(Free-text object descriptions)
************
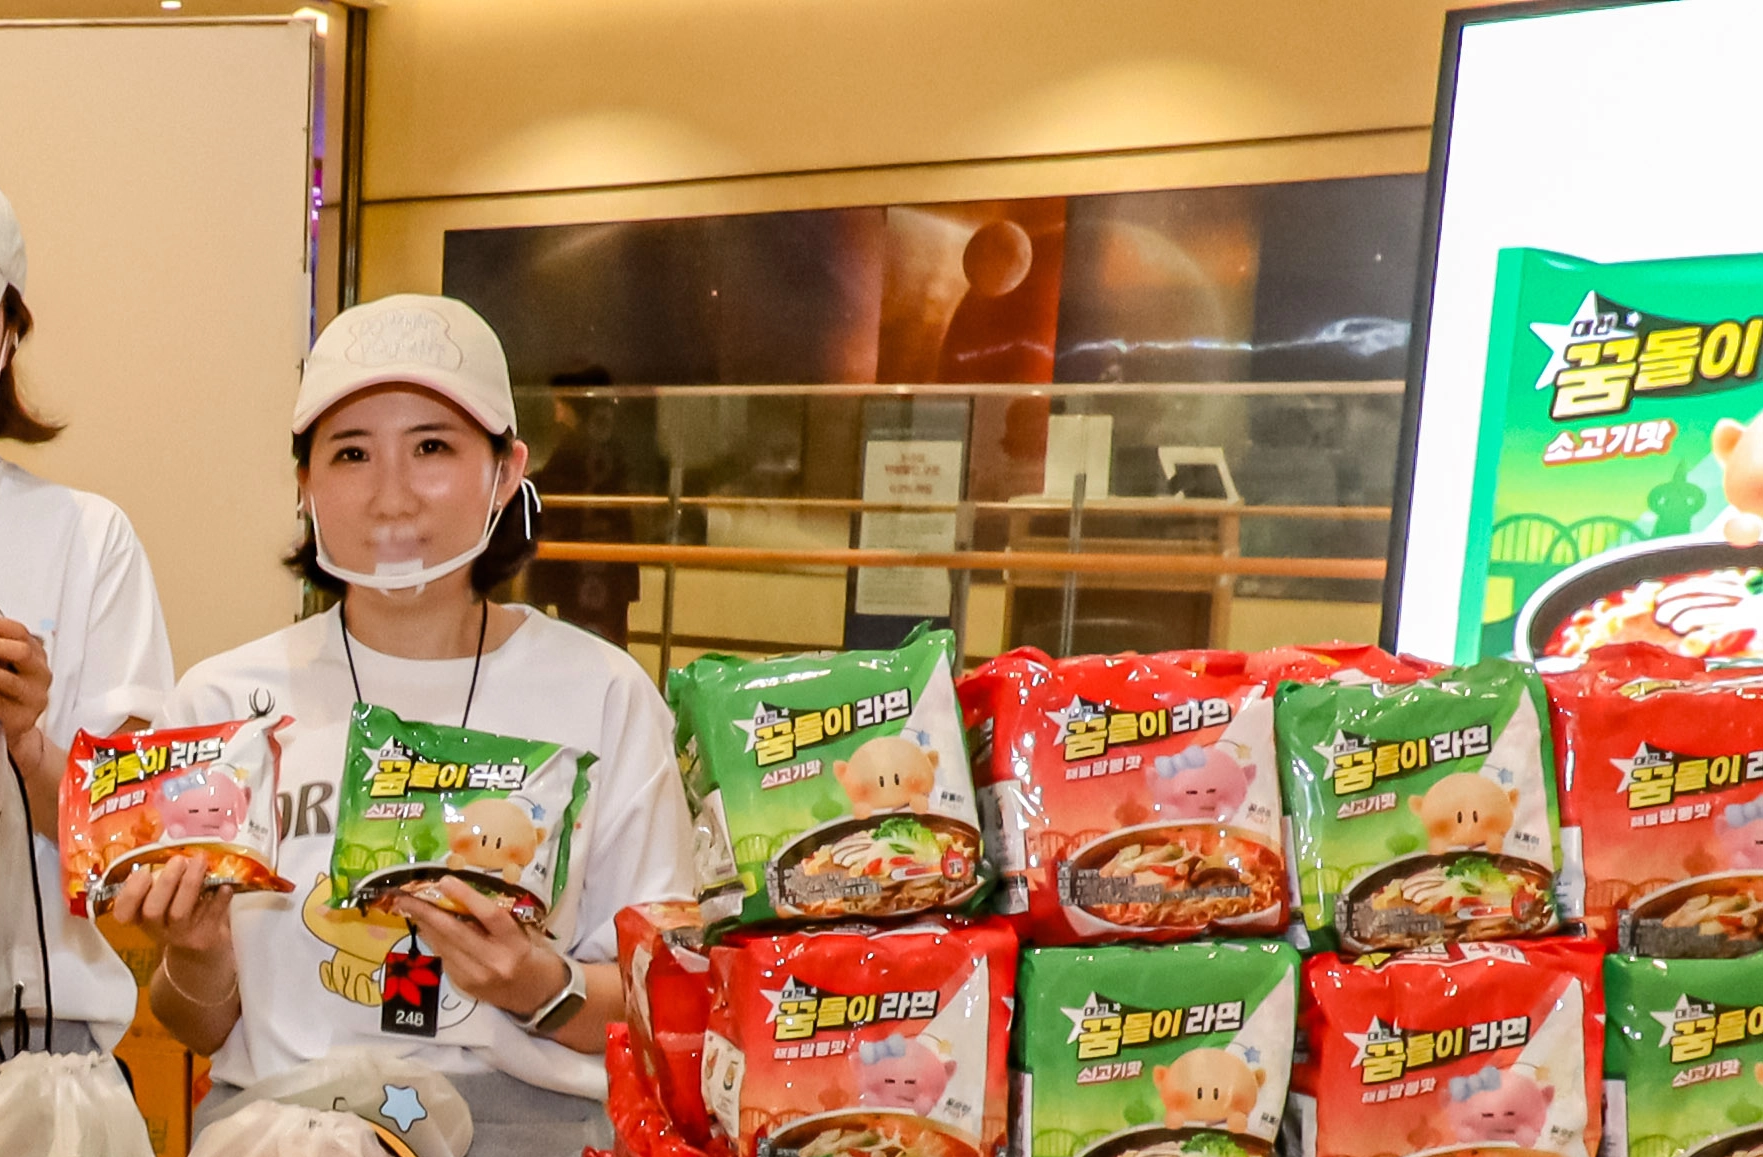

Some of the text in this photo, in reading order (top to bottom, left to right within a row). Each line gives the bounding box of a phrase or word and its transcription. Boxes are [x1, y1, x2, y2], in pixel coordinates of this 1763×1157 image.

[756, 688, 911, 766] 꿈돌이 라면
[1064, 699, 1231, 761] 꿈돌이 라면
[1333, 724, 1491, 795] 꿈돌이 라면
[1628, 754, 1744, 809] 꿈돌이
[395, 1009, 425, 1027] 248
[774, 990, 939, 1041] 꿈돌이 라면
[1077, 1001, 1245, 1061] 꿈돌이 라면
[1361, 1016, 1530, 1084] 꿈돌이 라면
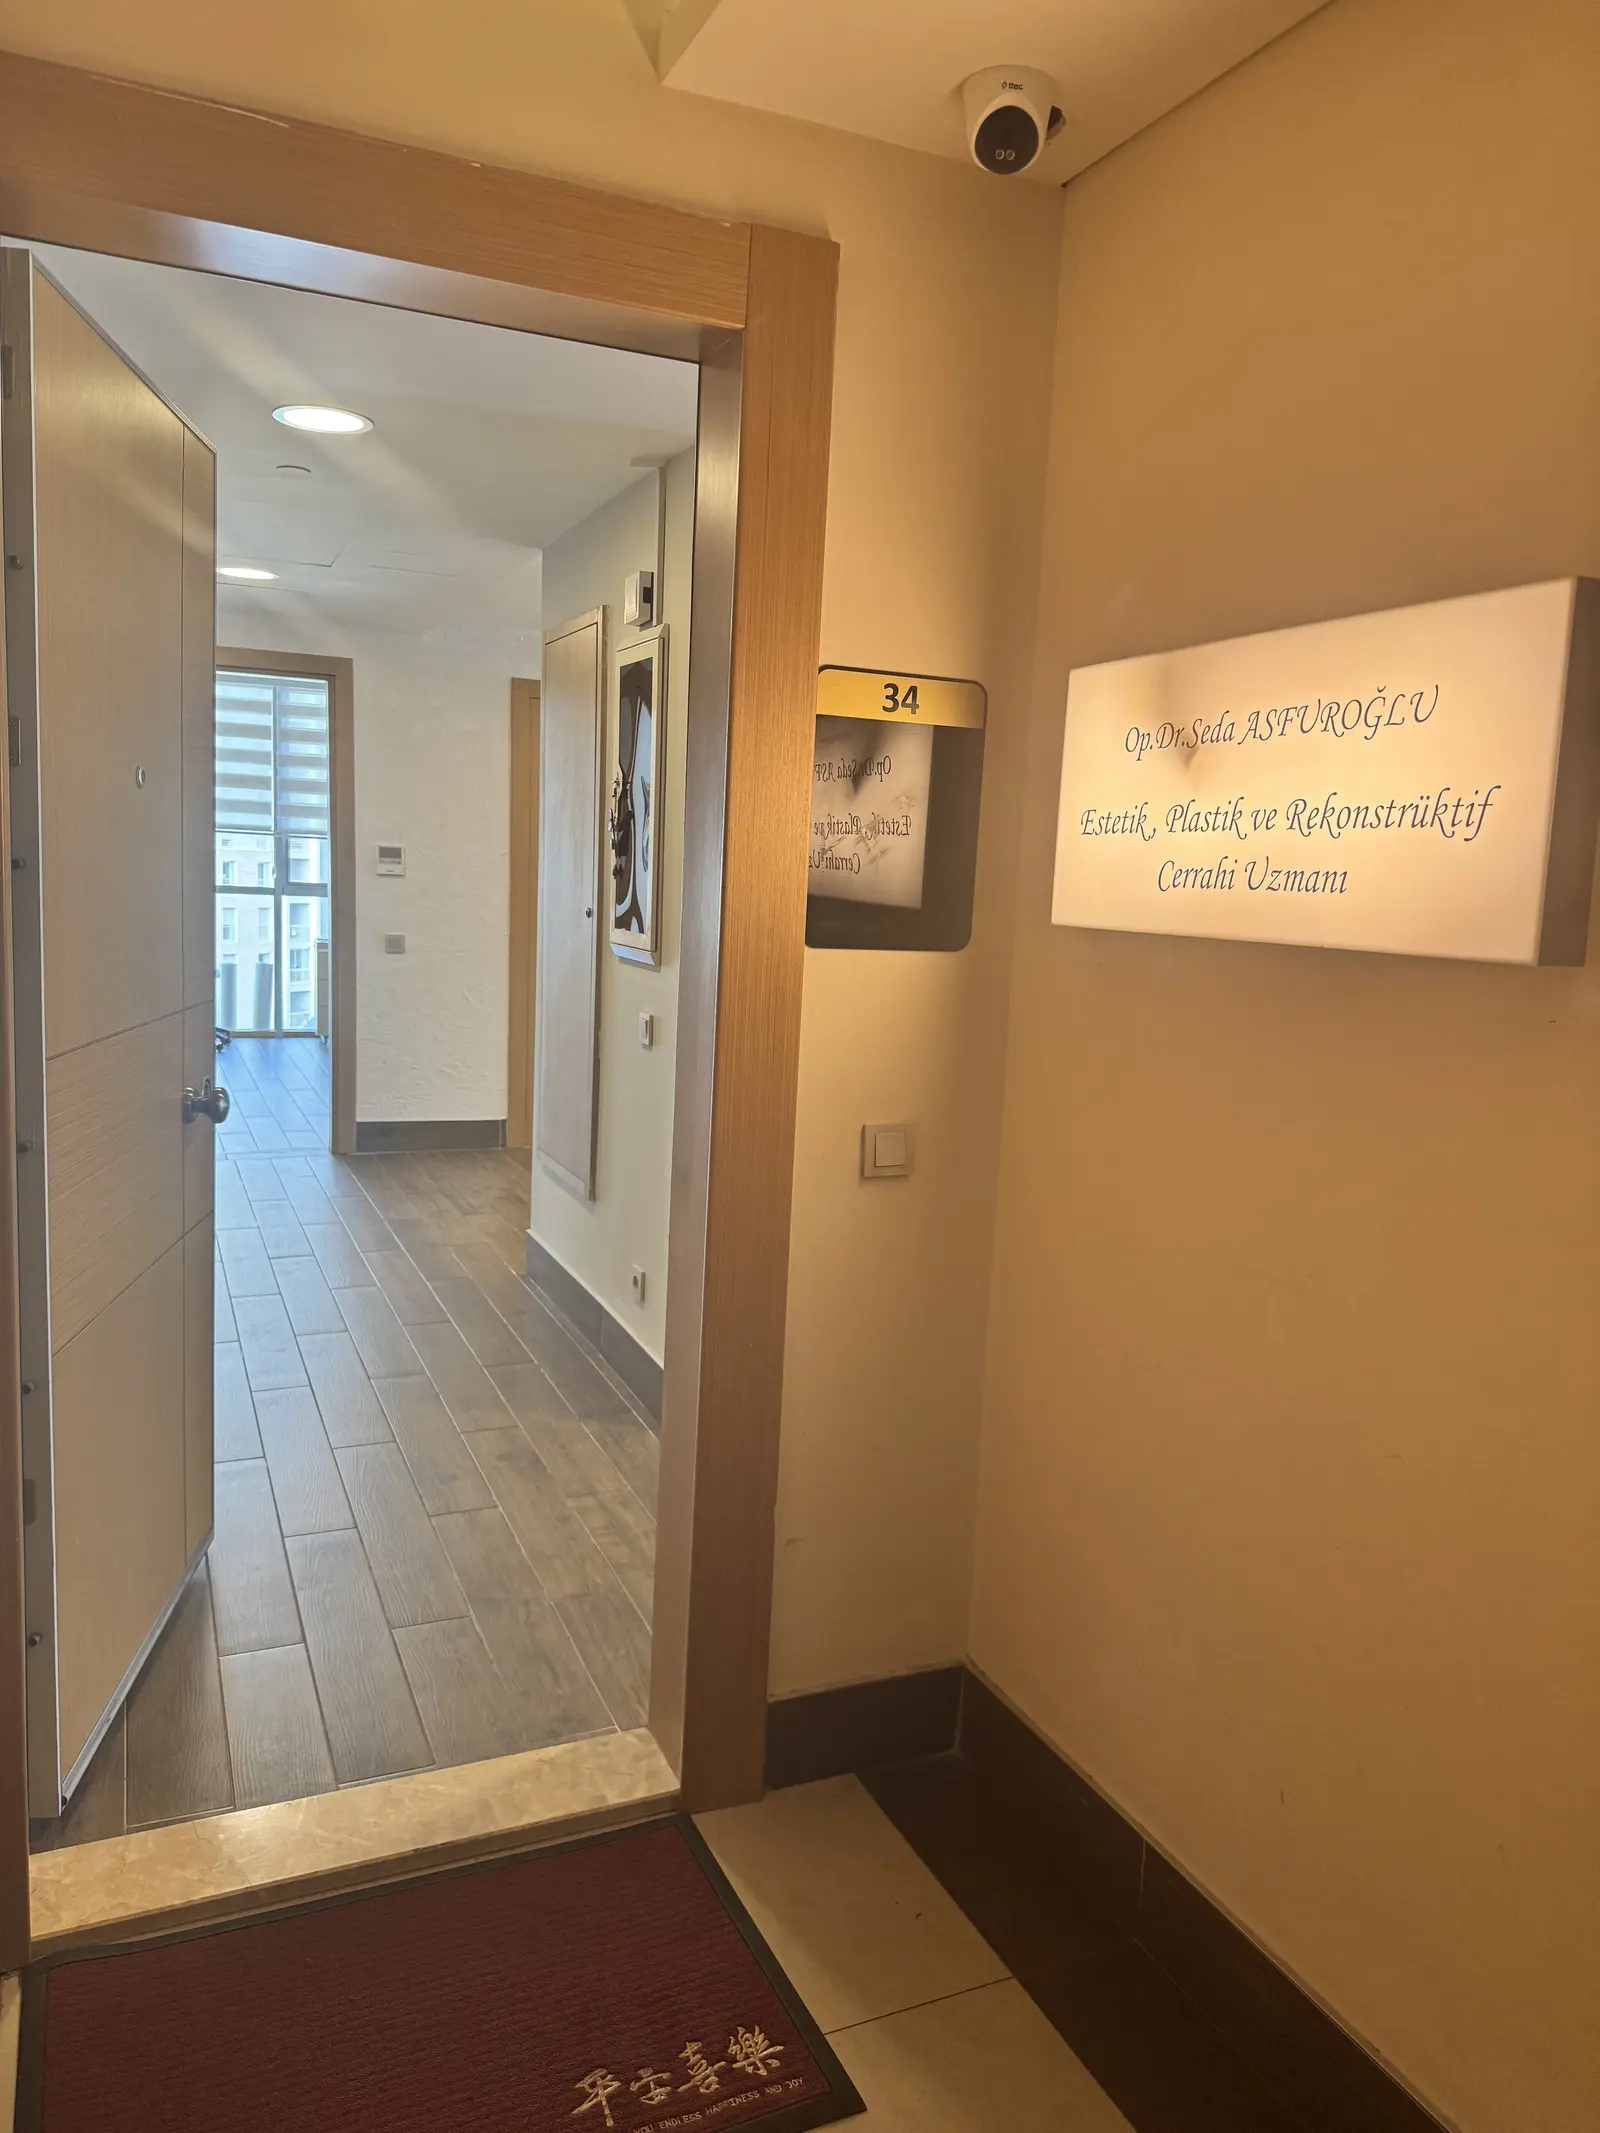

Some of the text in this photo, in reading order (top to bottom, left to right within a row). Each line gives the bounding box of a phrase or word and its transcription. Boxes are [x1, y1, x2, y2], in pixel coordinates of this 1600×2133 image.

[882, 683, 919, 715] 34
[1237, 685, 1440, 745] ASFUROĞLU
[1080, 785, 1502, 842] Estetik, Plastik ve Rekonstrüktif
[1157, 856, 1349, 895] Cerrahi Uzmanı
[764, 2084, 783, 2096] AND
[785, 2077, 804, 2090] JOY
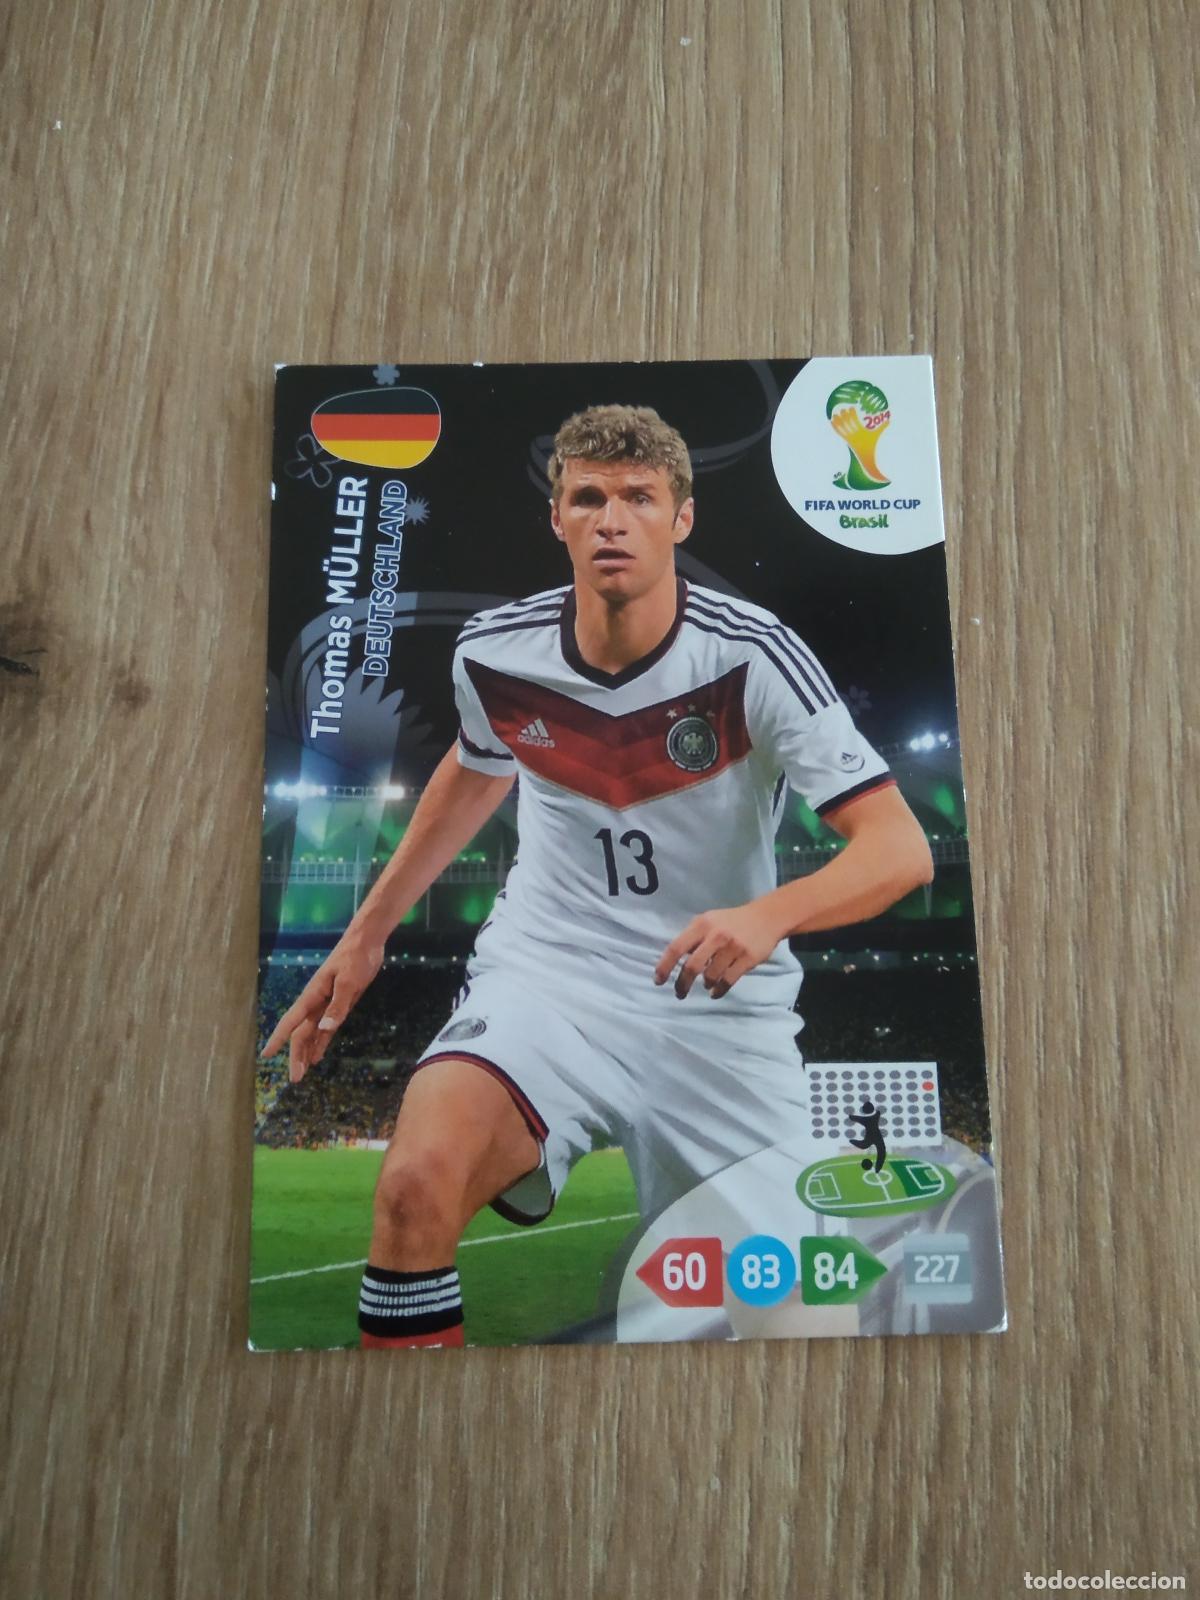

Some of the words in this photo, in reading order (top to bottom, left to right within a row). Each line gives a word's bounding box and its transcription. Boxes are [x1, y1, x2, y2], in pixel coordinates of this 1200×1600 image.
************
▶ _What this task involves_:
Transcribe each entry above exactly, apart from the pictures.

▶ _Solution for this task_:
Some of the text in this photo, in reading order (top to bottom, left to right within a row). Each line gives the bounding box of a phrase or word and its transcription. Boxes are [x1, y1, x2, y2], in pixel coordinates of this 1763×1157 image.

[756, 688, 911, 766] 꿈돌이 라면
[1064, 699, 1231, 761] 꿈돌이 라면
[1333, 724, 1491, 795] 꿈돌이 라면
[1628, 754, 1744, 809] 꿈돌이
[395, 1009, 425, 1027] 248
[774, 990, 939, 1041] 꿈돌이 라면
[1077, 1001, 1245, 1061] 꿈돌이 라면
[1361, 1016, 1530, 1084] 꿈돌이 라면

Some of the text in this photo, in reading order (top to bottom, left to right within a row). Each line gives the bounding box of a phrase or word and its transcription. Boxes are [x1, y1, x2, y2], in pixel coordinates of this 1600×2133 image.

[882, 683, 919, 715] 34
[1237, 685, 1440, 745] ASFUROĞLU
[1080, 785, 1502, 842] Estetik, Plastik ve Rekonstrüktif
[1157, 856, 1349, 895] Cerrahi Uzmanı
[764, 2084, 783, 2096] AND
[785, 2077, 804, 2090] JOY

Some of the words in this photo, in reading order (top to bottom, left to right within a row). Each line gives a word's bounding box and its transcription. Boxes are [x1, y1, x2, y2], in pixel coordinates of this 1200×1600 image.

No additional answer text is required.